--- PROVIDED INFORMATION Enclosed Below ---

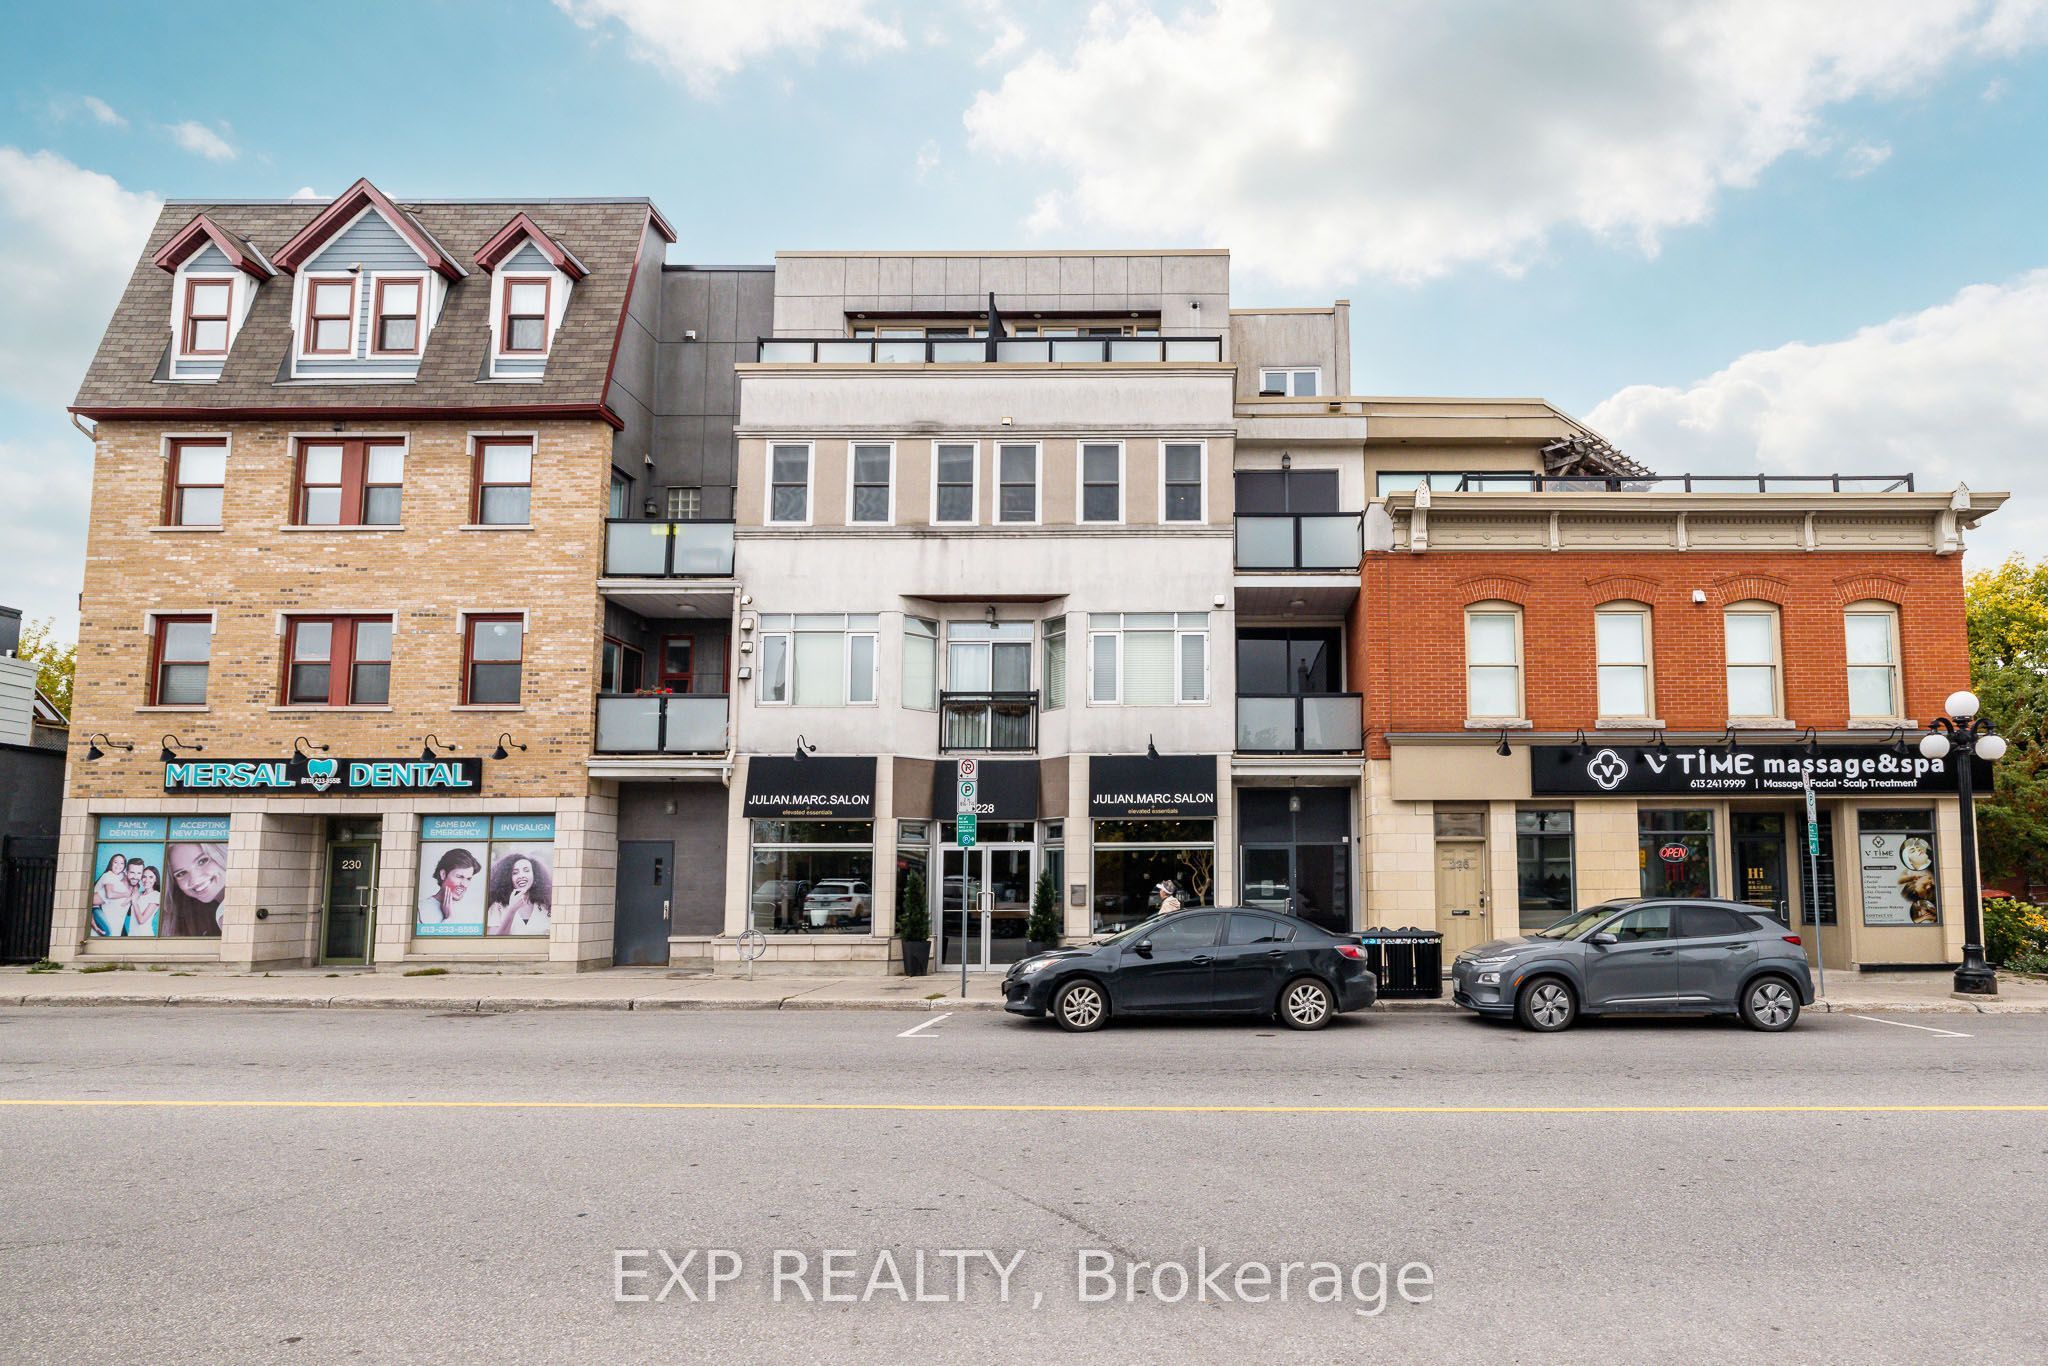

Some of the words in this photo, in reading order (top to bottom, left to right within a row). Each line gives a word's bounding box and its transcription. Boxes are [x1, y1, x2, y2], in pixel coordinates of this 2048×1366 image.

[1764, 754, 1945, 778] massage&spa
[166, 763, 296, 788] MERSAL
[350, 762, 473, 787] DENTAL
[1690, 779, 1705, 788] 613
[1706, 779, 1722, 788] 241
[1723, 779, 1746, 788] 9999
[1763, 779, 1803, 790] Massage
[1810, 778, 1837, 788] Facial
[1843, 779, 1867, 790] Scalp
[1869, 778, 1918, 788] Treatment
[748, 794, 870, 805] JULIAN.MARC.SALON
[1092, 793, 1214, 804] JULIAN.MARC.SALON
[976, 804, 995, 813] 228
[501, 823, 551, 831] INVISALIGN
[172, 829, 194, 837] NEW
[1661, 847, 1687, 858] OPEN
[342, 860, 362, 870] 230
[1748, 867, 1763, 878] Hi

--- End of Enclosed PROVIDED INFORMATION ---

▶ _WORK INSTRUCTIONS_: Copy the records above exactly, leaving out every picture.

▶ _SOLUTION BELOW_:
Some of the words in this photo, in reading order (top to bottom, left to right within a row). Each line gives a word's bounding box and its transcription. Boxes are [x1, y1, x2, y2], in pixel coordinates of this 2048×1366 image.

[1764, 754, 1945, 778] massage&spa
[166, 763, 296, 788] MERSAL
[350, 762, 473, 787] DENTAL
[1690, 779, 1705, 788] 613
[1706, 779, 1722, 788] 241
[1723, 779, 1746, 788] 9999
[1763, 779, 1803, 790] Massage
[1810, 778, 1837, 788] Facial
[1843, 779, 1867, 790] Scalp
[1869, 778, 1918, 788] Treatment
[748, 794, 870, 805] JULIAN.MARC.SALON
[1092, 793, 1214, 804] JULIAN.MARC.SALON
[976, 804, 995, 813] 228
[501, 823, 551, 831] INVISALIGN
[172, 829, 194, 837] NEW
[1661, 847, 1687, 858] OPEN
[342, 860, 362, 870] 230
[1748, 867, 1763, 878] Hi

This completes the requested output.